Deze heeft God door zijn rechterhand verhoogd tot een Vorst en Zaligmaker, om Israël te geven bekering en vergeving der zonden. Handelingen 5:31
Jezus is „verhoogd tot een Vorst en Zaligmaker, om te geven bekering en vergeving der zonden.” Deze twee gaan tezamen. Wanneer Hij bekering geeft, geeft Hij vergeving; wanneer Hij vergeving geeft, geeft Hij bekering. Het kan niet, dat het berouw uitblijve. Elk kind van God wordt tot berouw over zijn zonden gebracht en door zijn berouw om er afstand van te doen. „Maar”, zegt gij, „heb ik berouw? De aard en de grootte mijner zonde ziende, zou ik, zo ik een berouwhebbend zondaar was, voorzeker de gehele dag treuren en smart gevoelen over mijn zonden.” Wat wekt dan die twijfel in uw gemoed? Komt het omdat gij dikwijls hard, duister, dood, koud zijt? Hier moeten wij weder onderscheid maken tussen treuren om de zonden, hetwelk uit God is en in het geestelijk gemoed gevonden wordt, en die hardheid en duisternis van ons vleselijk gemoed, dat steeds vijandschap is tegen God; ook wordt daarin geen geloof, geen liefde, geen berouw of iets goeds gevonden.

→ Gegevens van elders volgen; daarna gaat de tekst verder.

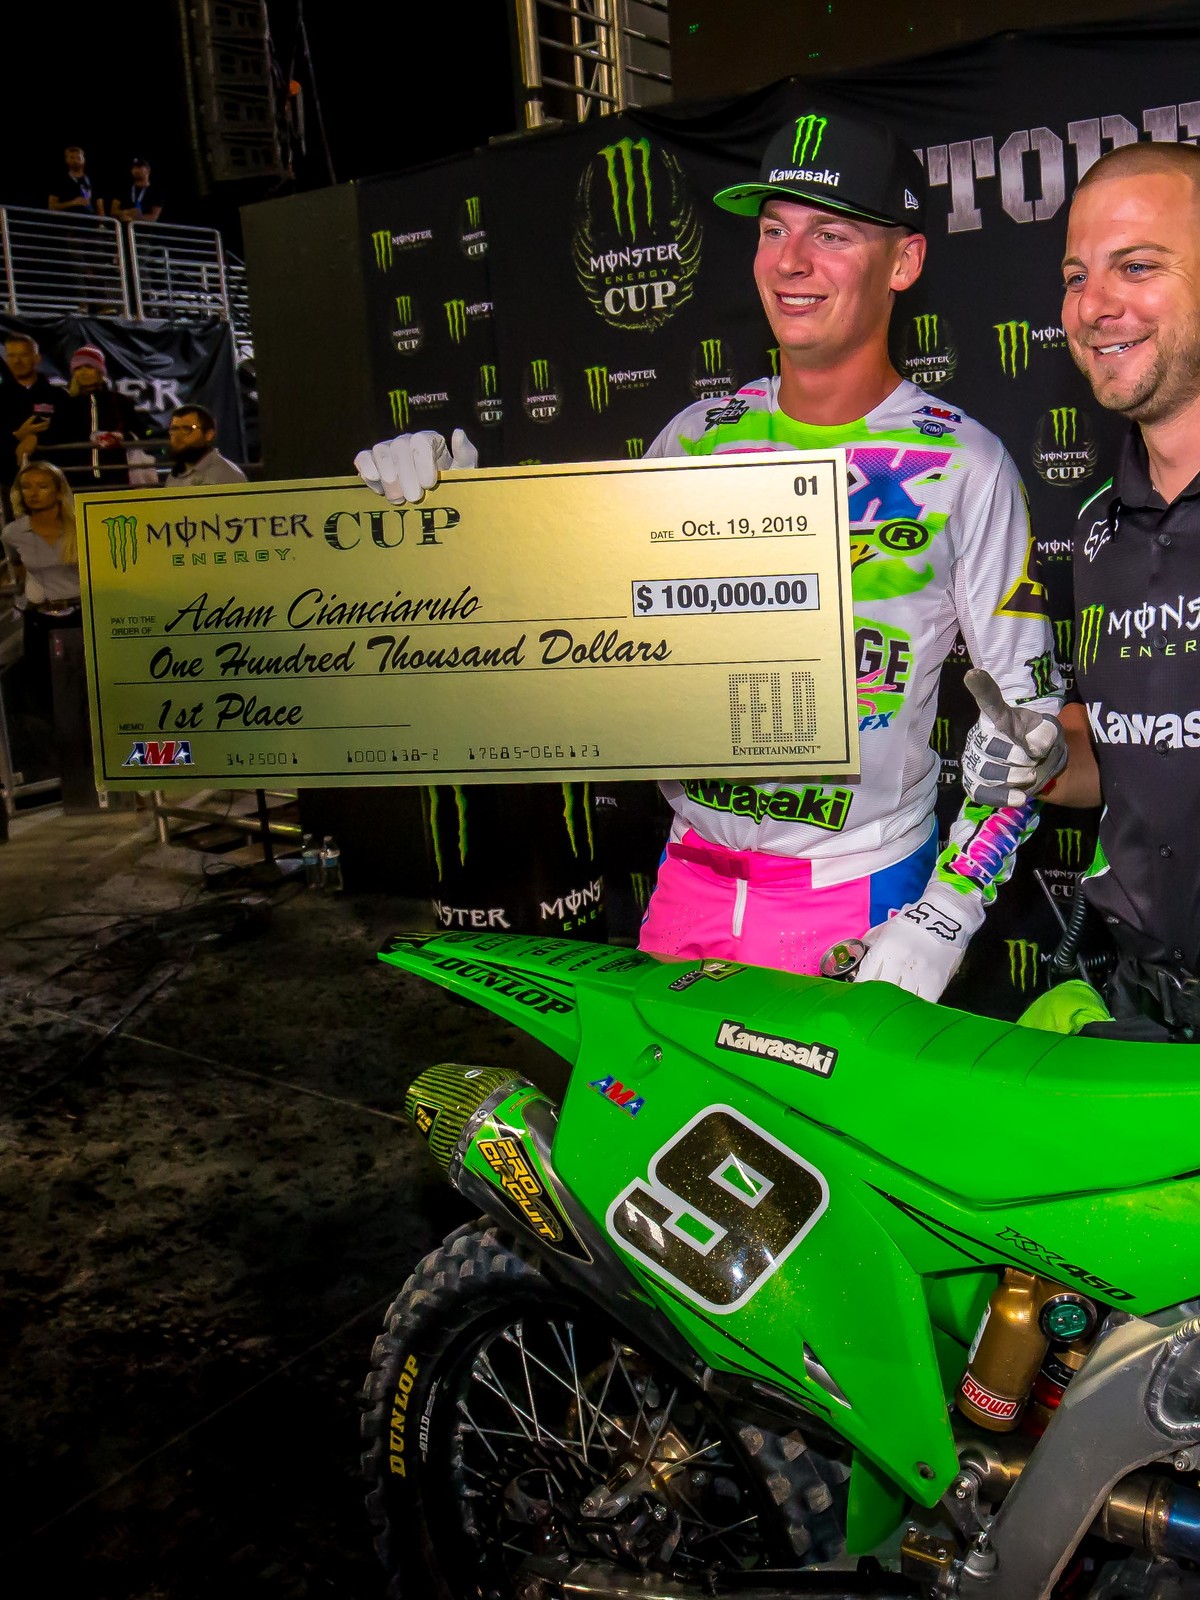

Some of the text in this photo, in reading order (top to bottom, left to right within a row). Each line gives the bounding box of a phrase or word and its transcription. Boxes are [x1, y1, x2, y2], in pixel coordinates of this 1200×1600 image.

[768, 168, 841, 187] Kawasaki
[590, 243, 682, 274] MONSTER
[604, 268, 668, 285] ENERGY
[604, 280, 677, 316] CUP
[397, 340, 418, 350] CUP
[905, 355, 949, 367] MONSTER
[608, 369, 657, 384] MONSTER
[694, 377, 733, 387] MONSTER
[911, 370, 947, 384] CUP
[531, 406, 556, 418] CUP
[912, 406, 962, 423] AMA
[925, 424, 942, 434] FIM
[1040, 451, 1089, 462] MONSTER
[794, 475, 819, 496] 01
[1046, 467, 1085, 479] CUP
[146, 506, 461, 551] MONSTER CUP
[650, 515, 808, 540] DATE Oct. 19, 2019
[172, 548, 292, 567] ENERGY
[637, 579, 807, 612] $ 100,000.00
[111, 615, 156, 625] PAY TO THE
[164, 585, 483, 634] Adam Cianciarulo
[111, 626, 152, 636] ORDER OF
[150, 629, 672, 679] One Hundred Thousand Dollars
[119, 693, 304, 731] MEMO 1st Place
[728, 671, 817, 743] FELD
[122, 740, 195, 767] AMA
[1051, 885, 1075, 897] CU
[432, 957, 577, 1015] DUNLOP
[717, 1022, 836, 1076] Kawasaki
[587, 1074, 647, 1120] AMA
[498, 1140, 541, 1195] PRO
[478, 1141, 556, 1241] CIRCUIT
[605, 1103, 830, 1315] 9
[962, 1376, 1017, 1420] SHOWA
[389, 1355, 420, 1478] DUNLOP
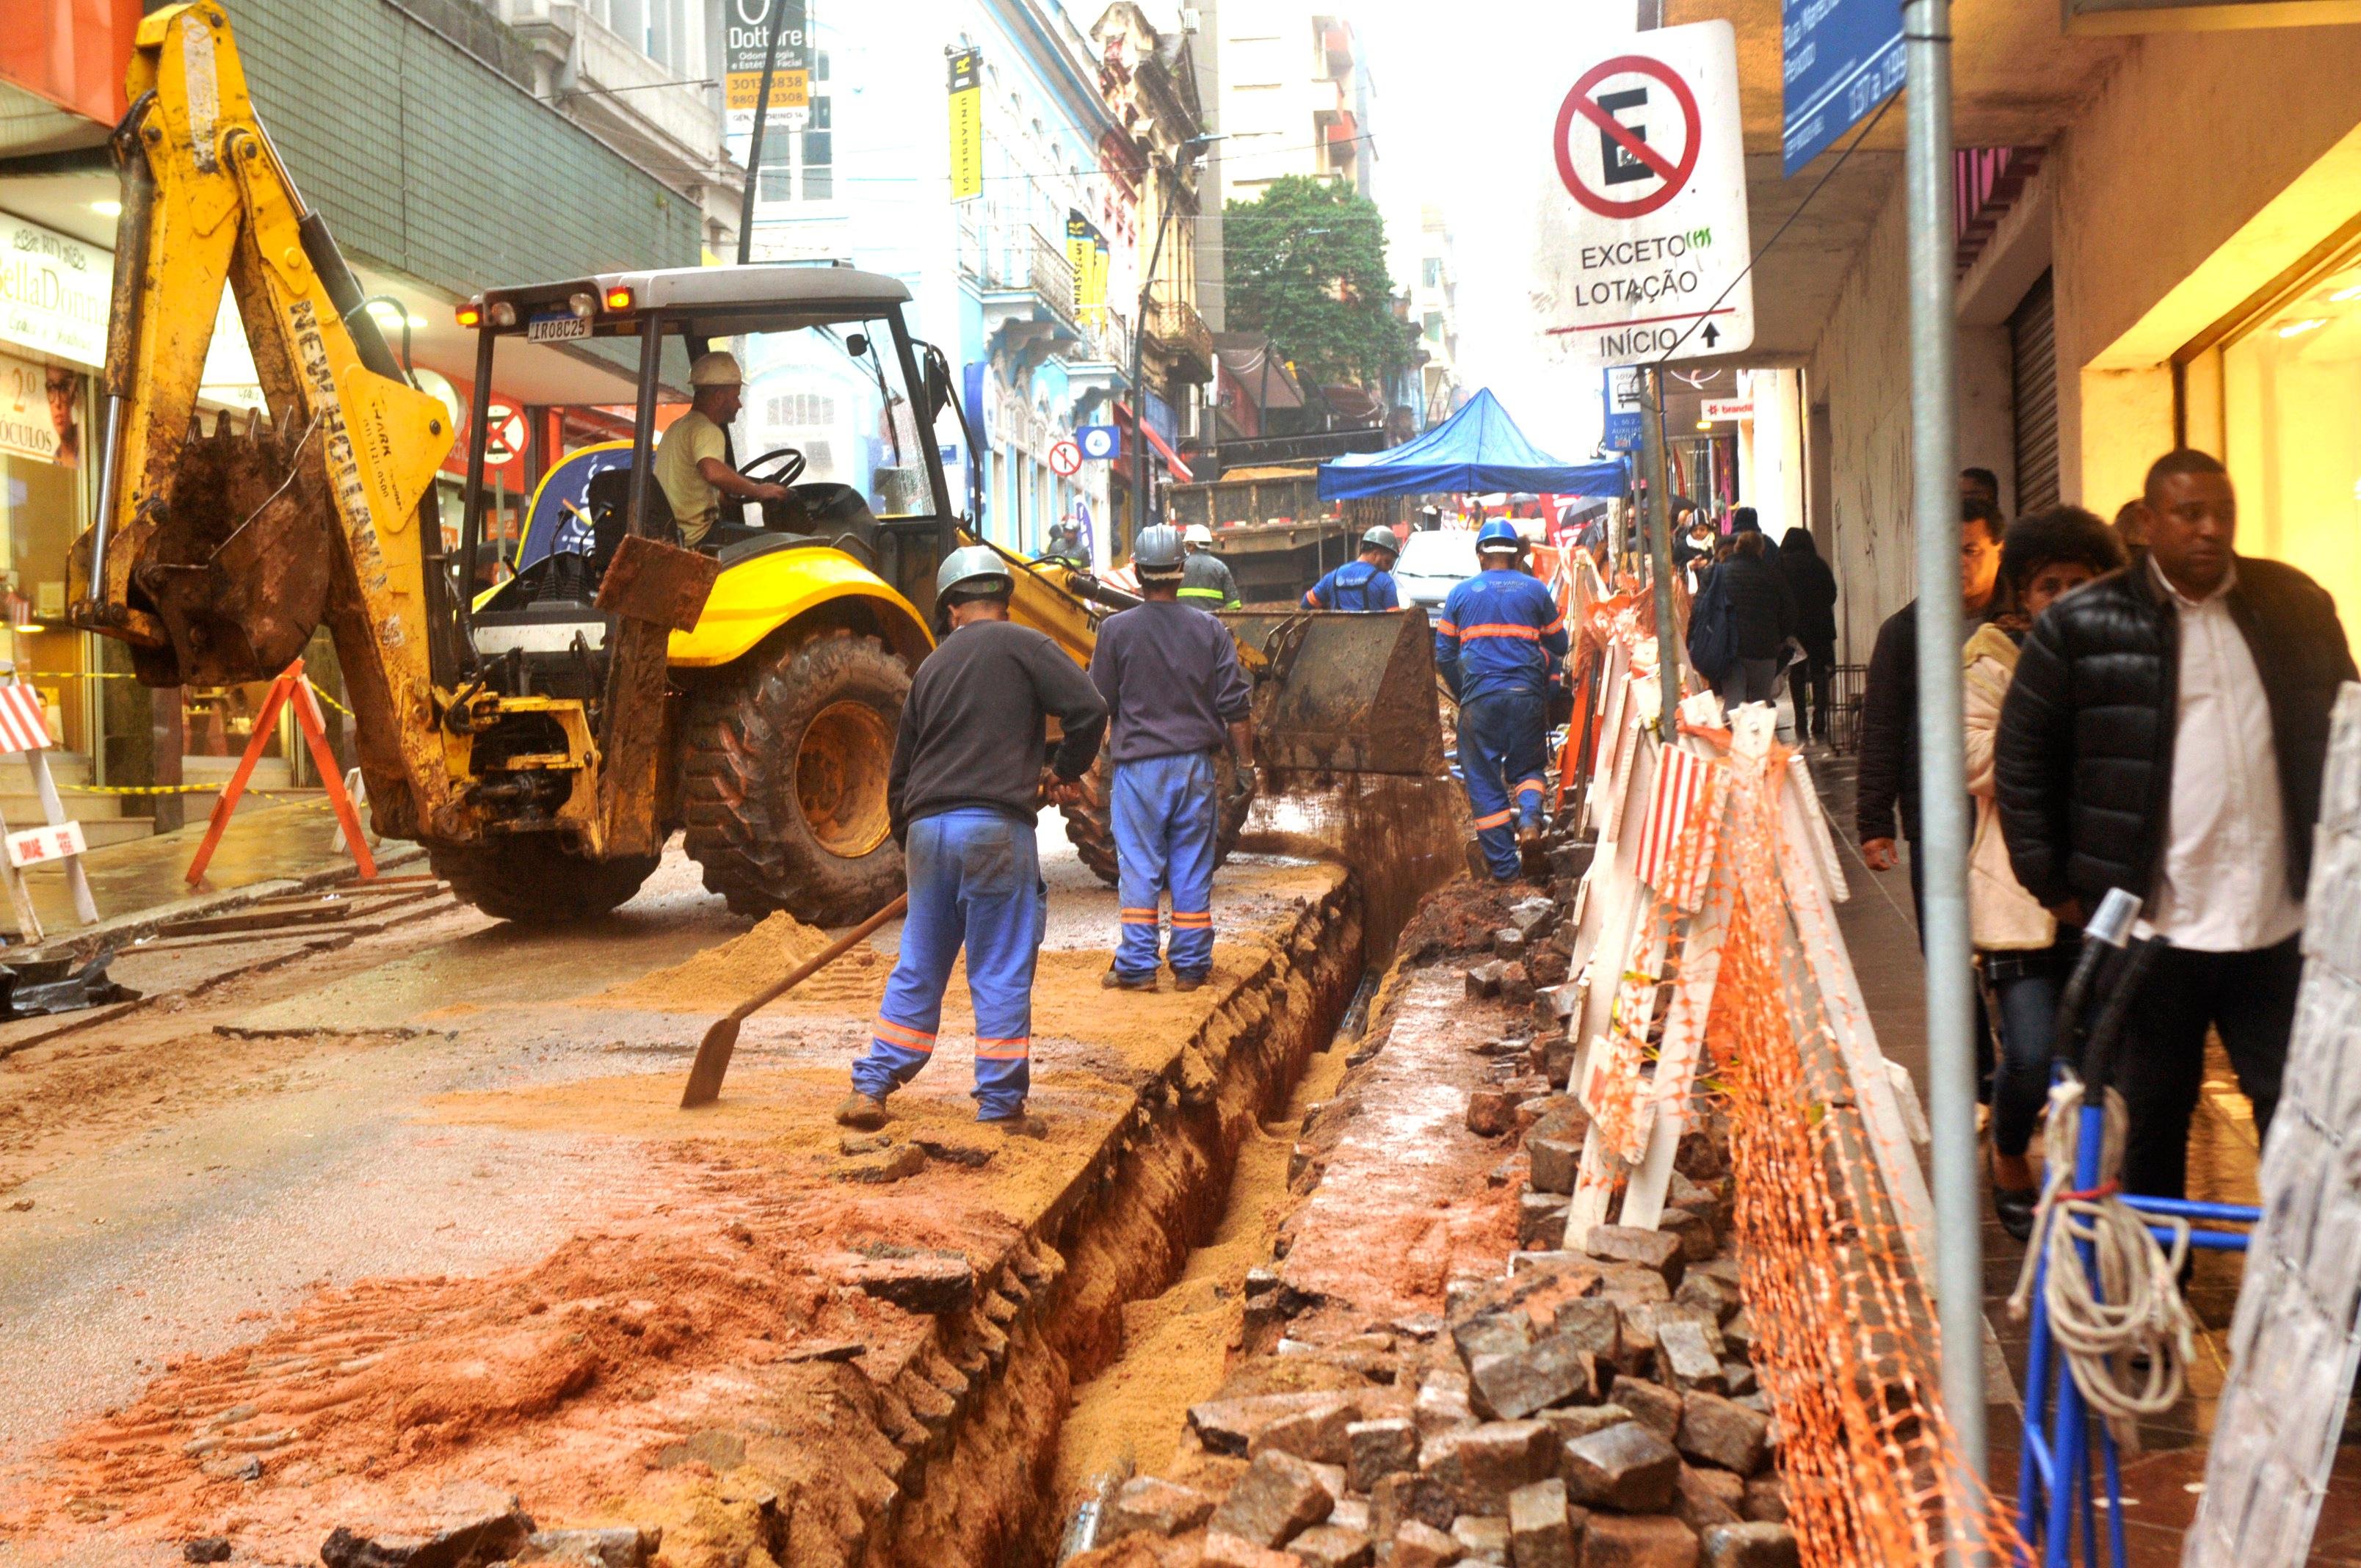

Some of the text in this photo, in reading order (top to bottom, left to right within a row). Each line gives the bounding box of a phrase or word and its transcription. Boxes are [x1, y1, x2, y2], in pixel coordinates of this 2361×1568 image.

[730, 26, 802, 48] Dottre
[739, 51, 795, 60] Odontogia
[961, 97, 970, 192] UNIASSELVI
[1581, 234, 1686, 269] EXCETO
[1575, 269, 1697, 306] LOTAÇÃO
[289, 300, 335, 393] NEW
[1600, 328, 1678, 357] INÍCIO
[0, 414, 52, 452] ÓCULOS

Maar er zijn tijden en gelegenheden geweest, toen uw hart onder een bijzondere invloed werd vertederd en voor God wegsmolt; toen er werkelijk berouw was over de zonde; toen gij gevoeldet dat het inderdaad een boze en bittere zaak was tegen zulk een goede, heilige en zo grote en heerlijke God te zondigen; toen de rots smolt en het harde hart bezweek; de ogen van tranen overvloeiden en de zwellende borst op het punt stond van te barsten door gevoel van berouw over uw zonden en over het lijden en de smarten van de Zoon en het Lam Gods, en gij u slechts in stof en as kondet verootmoedigen voor zijn heilig en alziend oog.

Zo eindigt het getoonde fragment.